Cela se passe en 1980. J'avais quelques mois d'enseignement dans le corps. J'apprends que le conseiller pédagogique responsable de l'évaluation veut me rencontrer.

- Que puis-je pour vous, monsieur CP?
- Tu ne corriges pas comme il le faudrait.
- Comment ça ?
- Par exemple, GMA 121 à objectif 1, tu as donné la note de 17 sur 20 à cet élève.
- Oui, et pis après ?
- Ben, 17/20, c'est impossible. C'est un examen de 4 questions qui valent 0 ou 5 points. Donc, 17, c'est impossible.
- Je sais que le corrigé donne 0 ou 5, mais comme j'exige de voir le développement du problème ...
- On s'en fiche du développement. C'est juste la réponse qui compte.
- Mais c'est stupide.
- C'est comme ça.
- Je le redis, c'est stupide.
- T'as pas le choix. C'est la directive du ministère. Et je suis là pour la faire appliquer.
- Ben alors, changeons la directive. (Dans ma tête, je me disais qu'il serait bien aussi de changer de CP.)
- On ne peut pas. C'est comme ça, et c'est tout !

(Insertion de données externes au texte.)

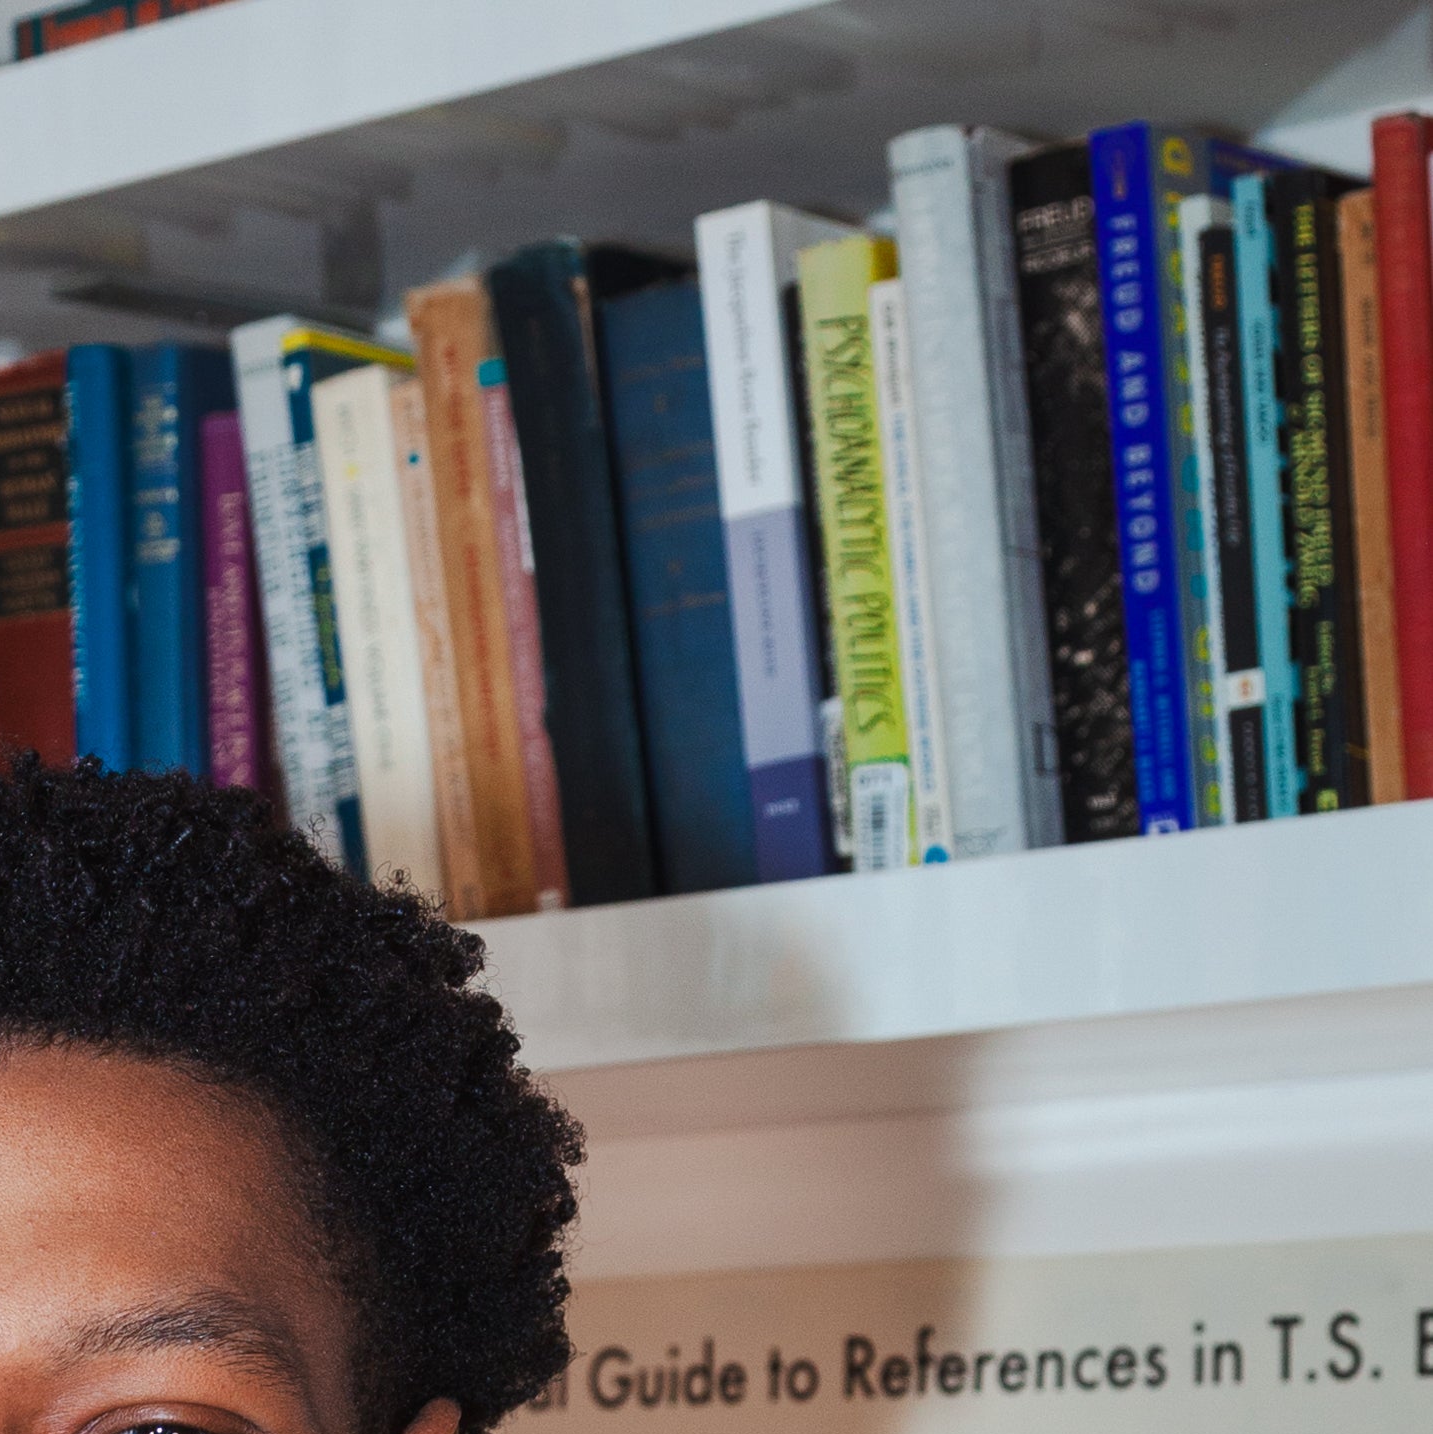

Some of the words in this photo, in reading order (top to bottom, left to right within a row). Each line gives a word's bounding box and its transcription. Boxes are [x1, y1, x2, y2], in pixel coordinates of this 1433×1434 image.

[1108, 213, 1143, 334] FREUD
[817, 314, 885, 580] PSYCHOANALYTIC
[1117, 350, 1150, 429] AND
[1123, 443, 1161, 594] BEYOND
[843, 589, 897, 736] POLITICS
[587, 1335, 749, 1411] Guide
[768, 1346, 822, 1405] to
[842, 1323, 1168, 1400] References
[1193, 1320, 1245, 1387] in
[1269, 1311, 1382, 1384] T.S.

Je me suis senti vraiment cheap à ce moment-là. Pour moi, dans une résolution de problèmes, il est important de voir le développement de l'élève. Et il est important de porter un jugement sur la qualité de ce developpement.

C'est à ce moment-là que je me suis dit que l'évaluation scolaire, c'est de la merde.

L'attitude du conseiller pédagogique m'indiquait aussi qu'il ne serait pas facile de changer les idioties du système. J'ai alors décrété que si j'arrivais à provoquer ne serait qu'un seul petit pour cent de changement, je pourrais crier victoire.

Près de 30 ans plus tard, si j'évalue ma performance, je peux dire que cet objectif est un échec total car il n'y a à peu près rien de changer en éducation. Encore récemment, dans une formation, un enseignant m'a lancé :

- Tout ce que j'ai besoin, c'est d'avoir les examens de fin d'année assez tôt. Car c'est là-dessus que je me base pour mon enseignement.
- Ce que tu es en train de me dire, lui répondis-je, c'est que depuis 40 ans, rien n'a changé dans la province de Québec : au niveau de sec IV et V, on enseigne toujours en fonction des examens !
- C'est là dessus qu'on se base pour ME juger comme enseignant : la réussite passe par la performance des élèves à l'examen du ministère. Le reste, tout le monde s'en fiche pas mal.

SEP ? Pognés comme nous le sommes en éducation, je ne vois pas trop comment avoir un sentiment d'efficacité qui dépasse la naïveté du débutant.